The way you said okay in whole video made me smile the whole time.

Okay, I have a question on the last problem - I am getting that you can at most have only 13 dots that are at most sqrt(8) away from each other at the same time. Your idea of 16 that you can have 1 dot on each square is not correct, I feel! If I could send you a picture, I would but it seems that adjacent diagonals reuse the same diagonals

Good explanation of this easy-difficult concept. Many thanks :)

hi Trevor I have a discrete math final coming up soon do you have any tips/advice ?thank you!
your videos are awesome thank you thank you thank you for posting them up!

bro is the savior of many, protector of college students, bringer of high math grades
ty trevtutor I will write my exam score if I can find this again :)

no dislikes and that tells you how good you explain. really great explanation.

Really well made video!
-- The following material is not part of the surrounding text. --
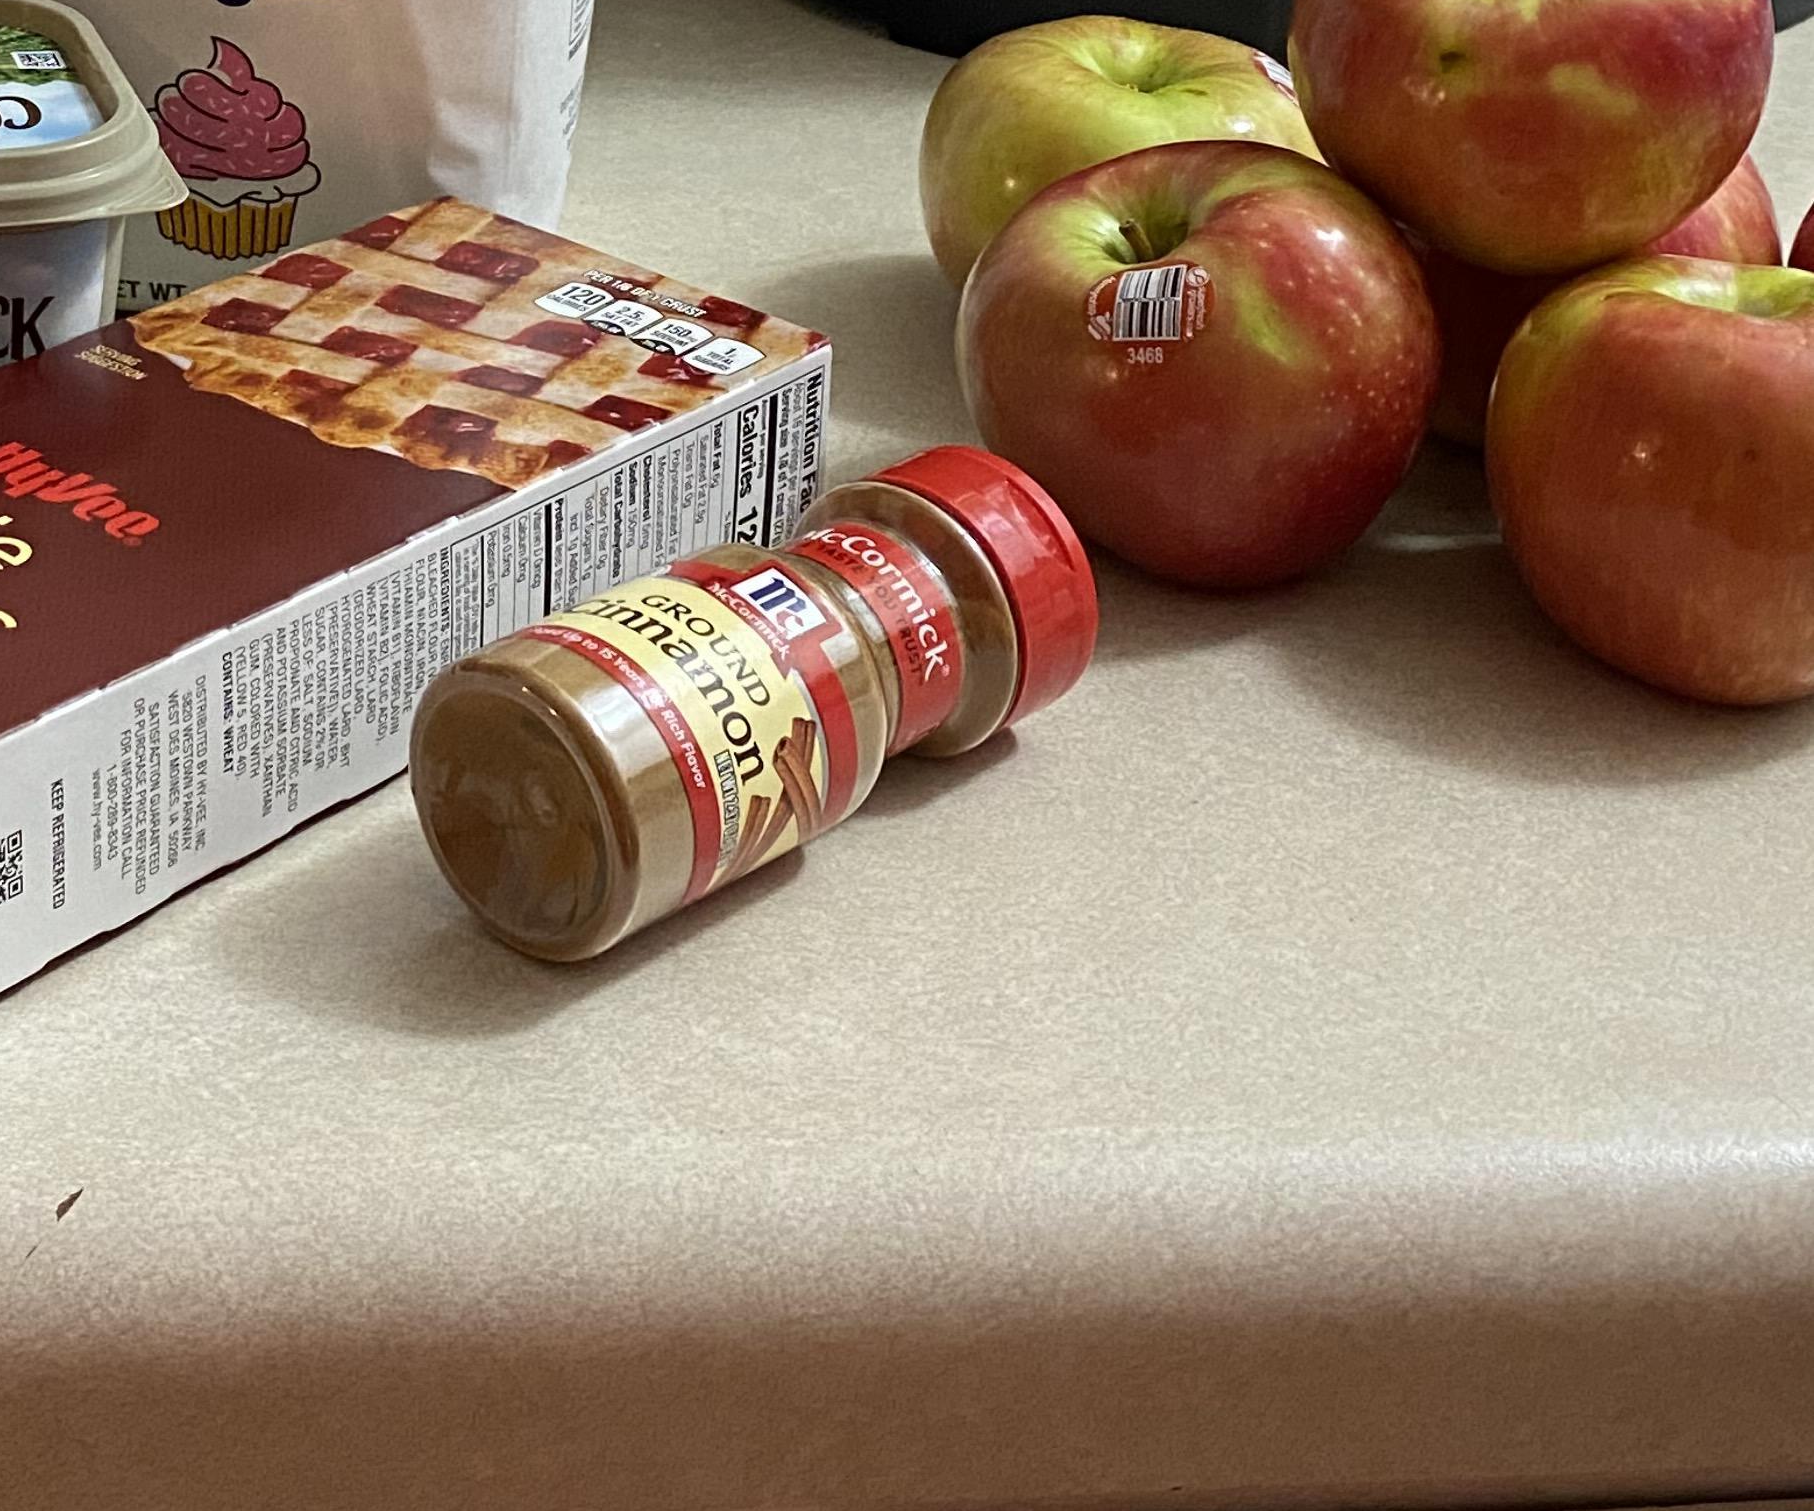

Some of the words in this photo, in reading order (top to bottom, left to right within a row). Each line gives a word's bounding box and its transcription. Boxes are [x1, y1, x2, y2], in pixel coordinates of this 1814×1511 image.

Thanks for the intuitive and combinatorial proofs!

Hi, I love your videos! And really appreciate! I have a question here that I am not sure if I should use Pigeonhole Principle:
Would you please please please help?
Generate, list, and count: the number of distinct quadruples (a,b,c,d) such that:
a,b,c,d∈1..9
10∤ (a+b+c+d)
and order matters and repetition is not allowed.

I love your handwriting!

"Maybe one of them is a serial killer" lol

Hi, what do you mean by picking 11 numbers?

I have A set with 50 natural numbers, each of them is >500 and less than 1000. Prove that in A exists 2 disjoint 2 element subsets with equal sum.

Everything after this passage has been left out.